Segment Open
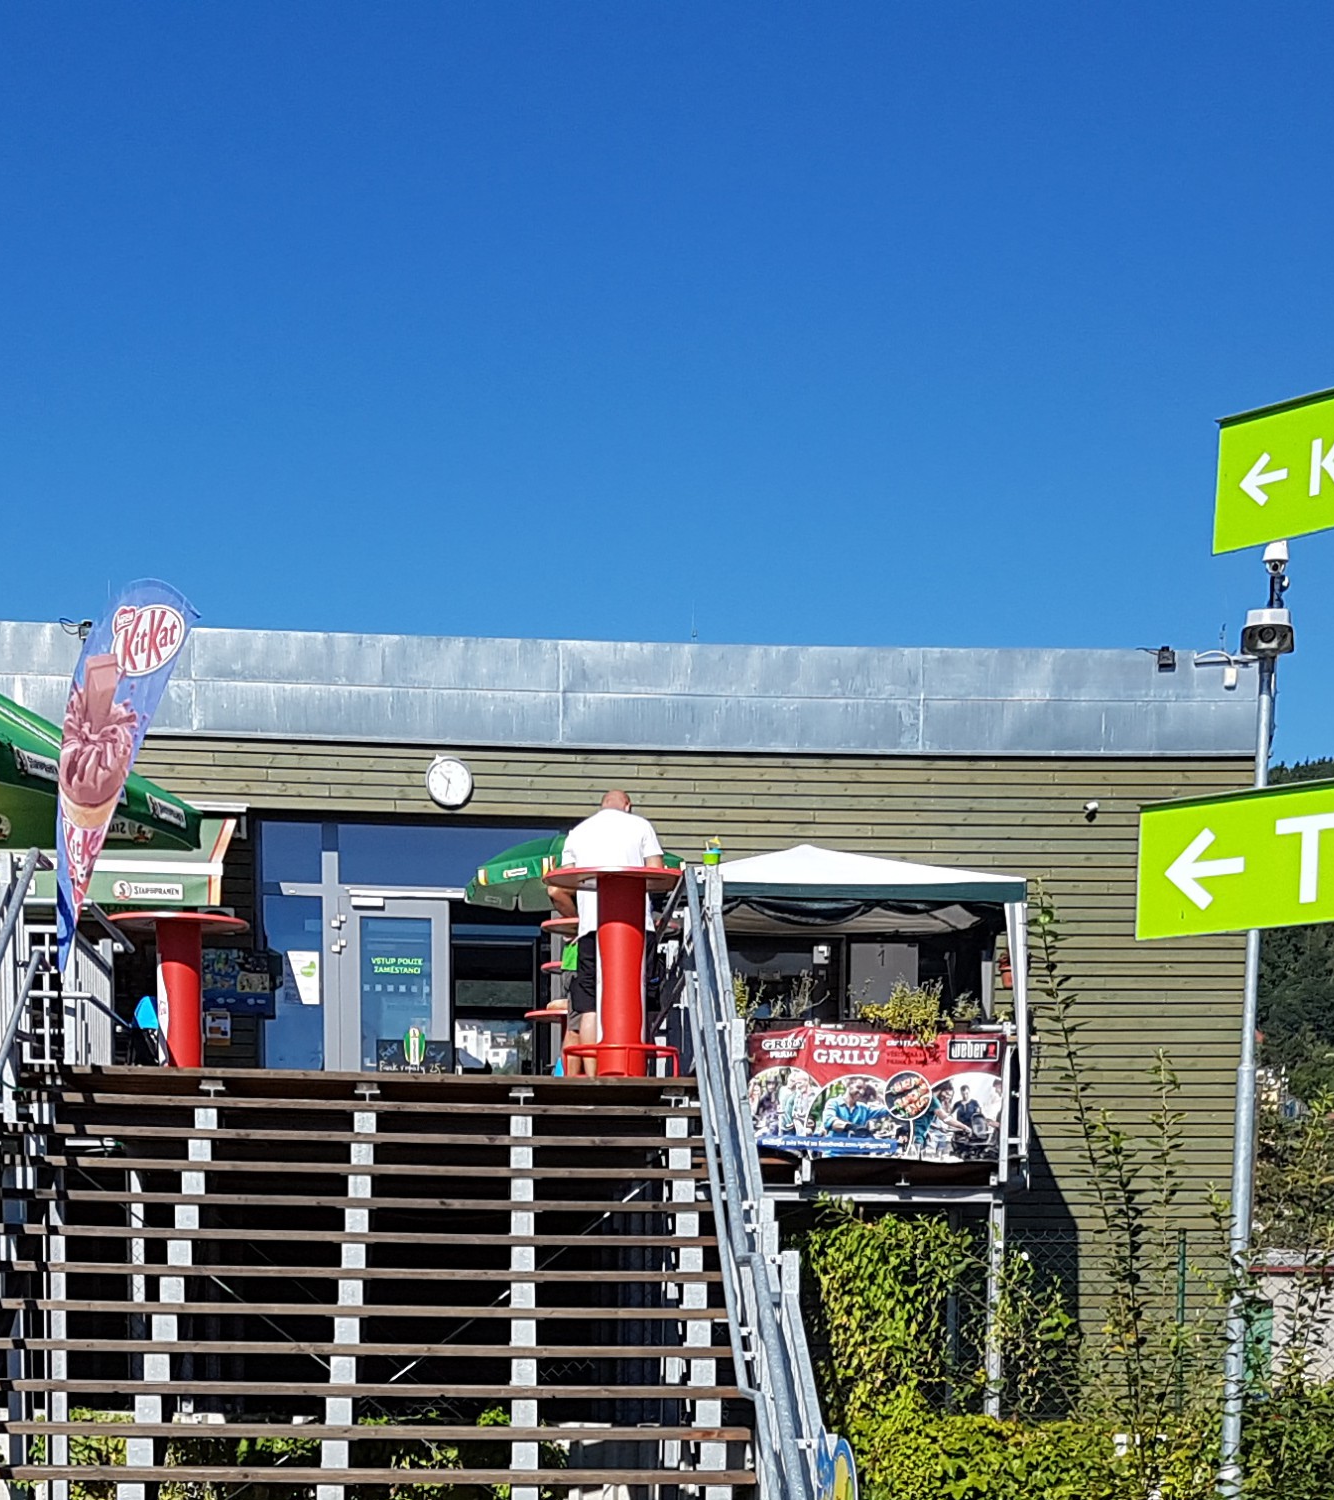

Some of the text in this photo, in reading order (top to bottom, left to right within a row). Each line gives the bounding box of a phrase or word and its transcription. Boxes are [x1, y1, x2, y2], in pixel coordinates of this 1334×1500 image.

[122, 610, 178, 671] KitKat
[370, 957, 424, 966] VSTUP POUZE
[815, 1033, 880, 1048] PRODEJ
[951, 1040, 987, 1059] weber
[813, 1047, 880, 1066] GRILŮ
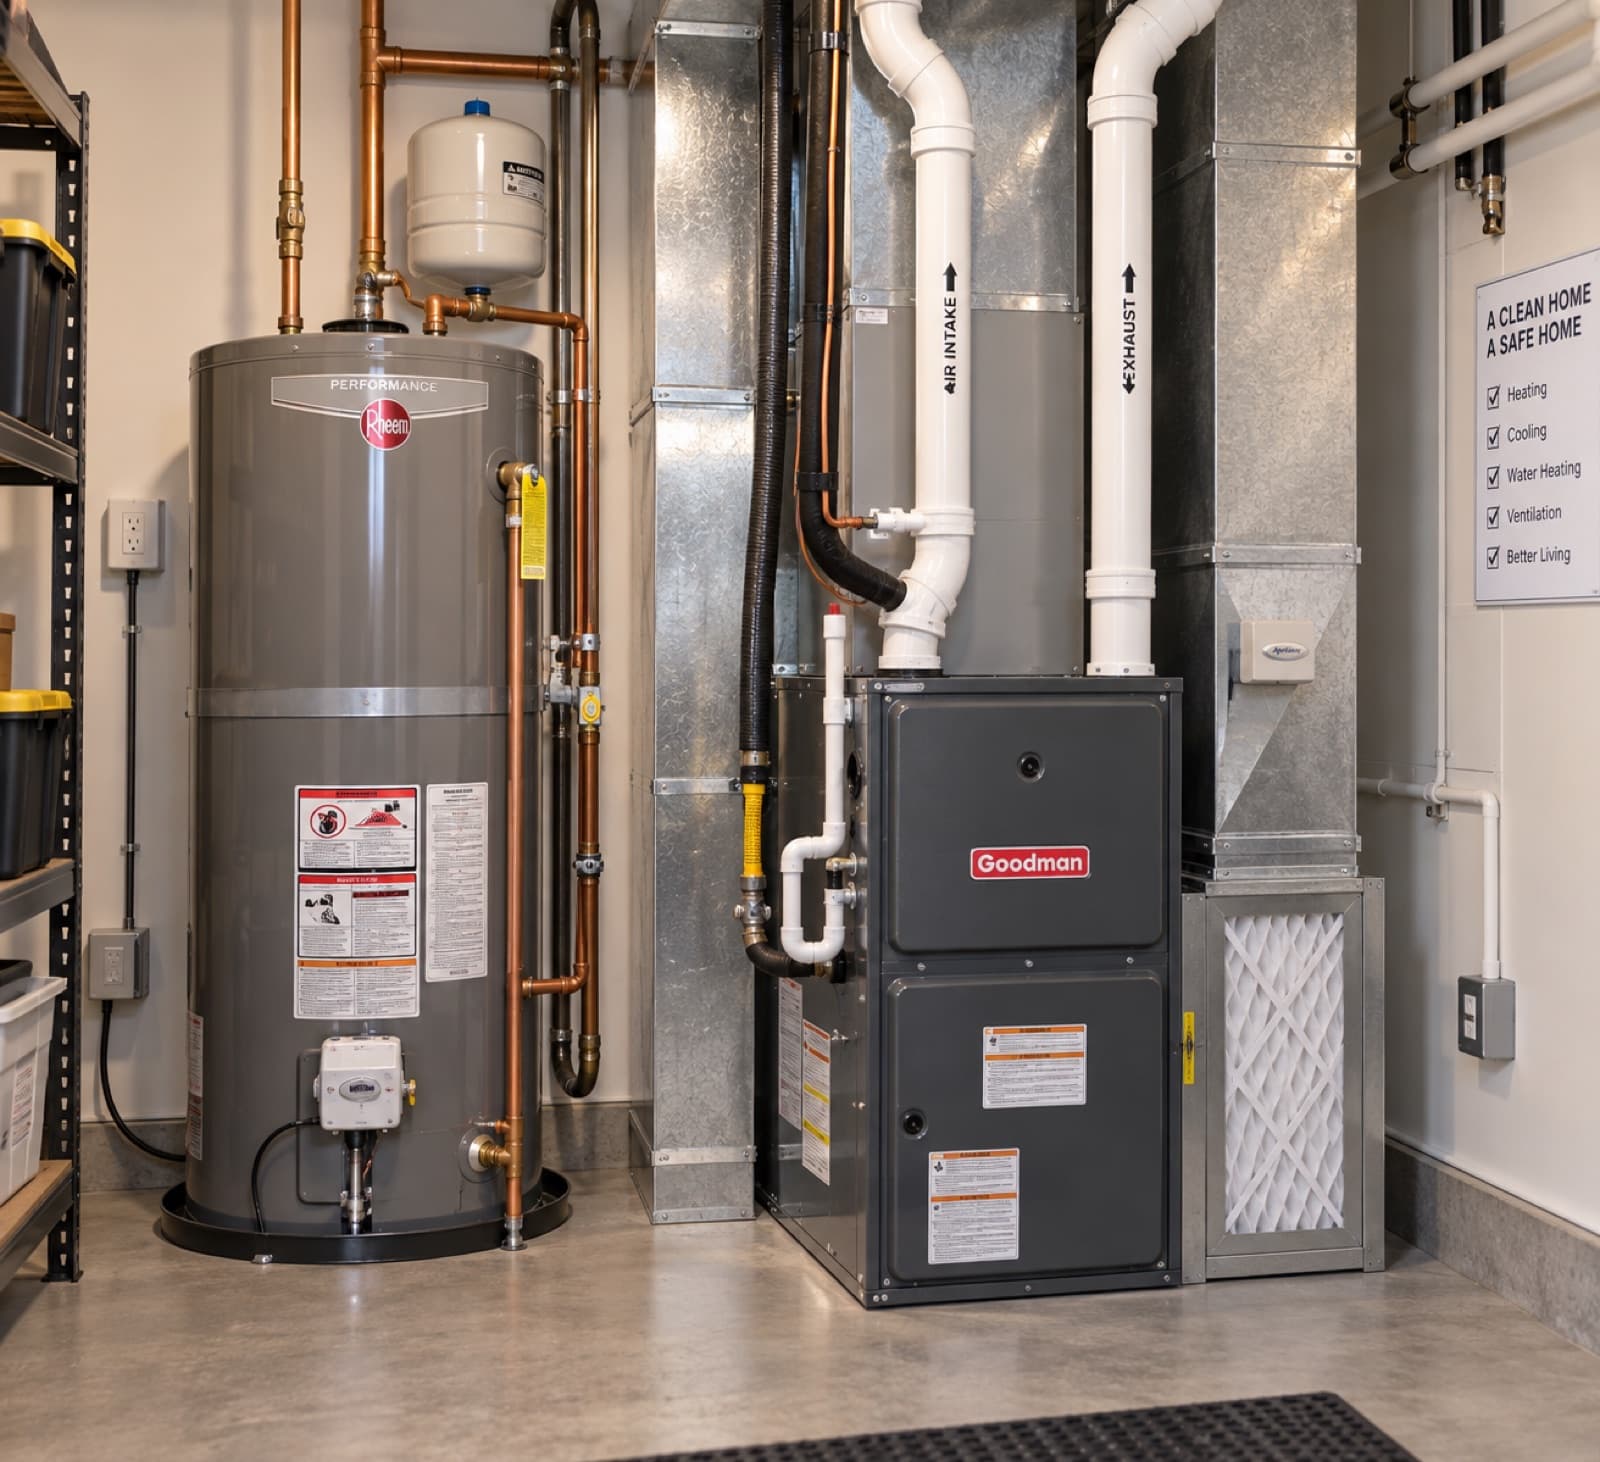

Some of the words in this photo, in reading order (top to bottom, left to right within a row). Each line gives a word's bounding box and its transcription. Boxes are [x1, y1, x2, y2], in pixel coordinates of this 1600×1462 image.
Segment Closed
Segment Open
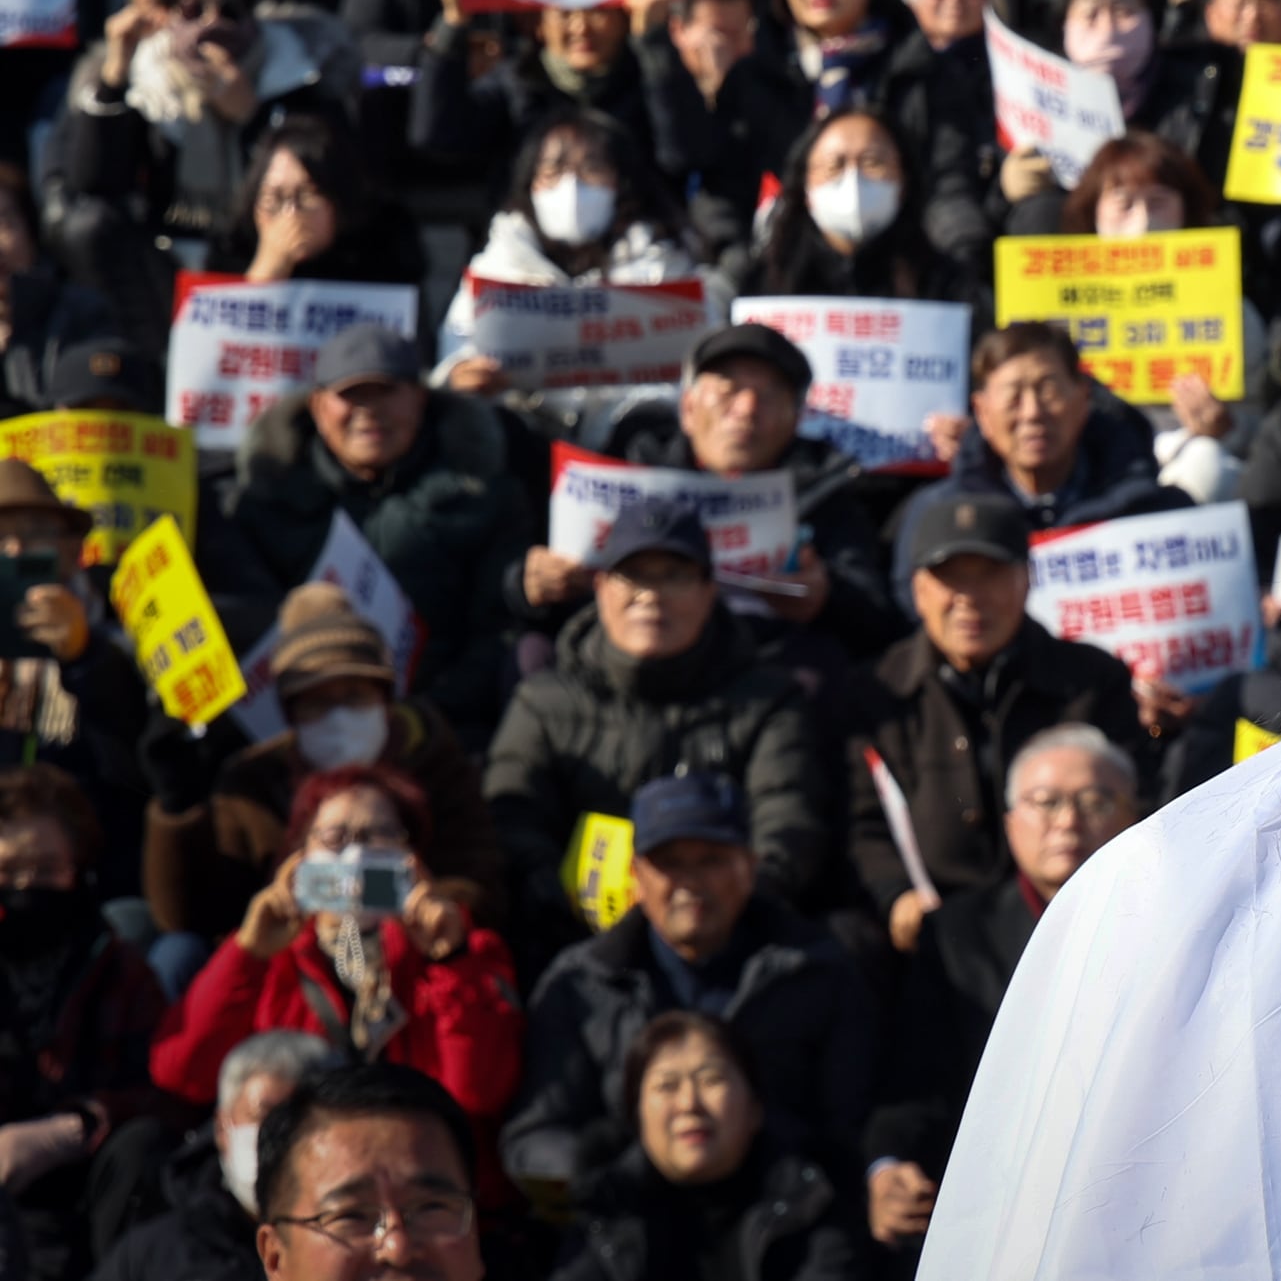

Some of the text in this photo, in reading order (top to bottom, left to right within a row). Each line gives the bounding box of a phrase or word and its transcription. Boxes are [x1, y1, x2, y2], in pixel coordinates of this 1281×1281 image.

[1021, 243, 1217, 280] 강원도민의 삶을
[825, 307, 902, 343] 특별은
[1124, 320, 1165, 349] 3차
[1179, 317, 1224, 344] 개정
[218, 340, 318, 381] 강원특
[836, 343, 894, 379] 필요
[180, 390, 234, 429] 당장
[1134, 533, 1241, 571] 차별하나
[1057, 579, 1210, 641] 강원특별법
Segment Closed
- What this task involves: Copy out exactly the lines above beginning with the line that contains "this 1334×1500 image." and finishing with the line that contains "Some of the words", including both; leave the pictures out.

- Your solution:
Some of the text in this photo, in reading order (top to bottom, left to right within a row). Each line gives the bounding box of a phrase or word and its transcription. Boxes are [x1, y1, x2, y2], in pixel coordinates of this 1334×1500 image.

[122, 610, 178, 671] KitKat
[370, 957, 424, 966] VSTUP POUZE
[815, 1033, 880, 1048] PRODEJ
[951, 1040, 987, 1059] weber
[813, 1047, 880, 1066] GRILŮ

Some of the words in this photo, in reading order (top to bottom, left to right within a row). Each line gives a word's bounding box and its transcription. Boxes are [x1, y1, x2, y2], in pixel coordinates of this 1600×1462 image.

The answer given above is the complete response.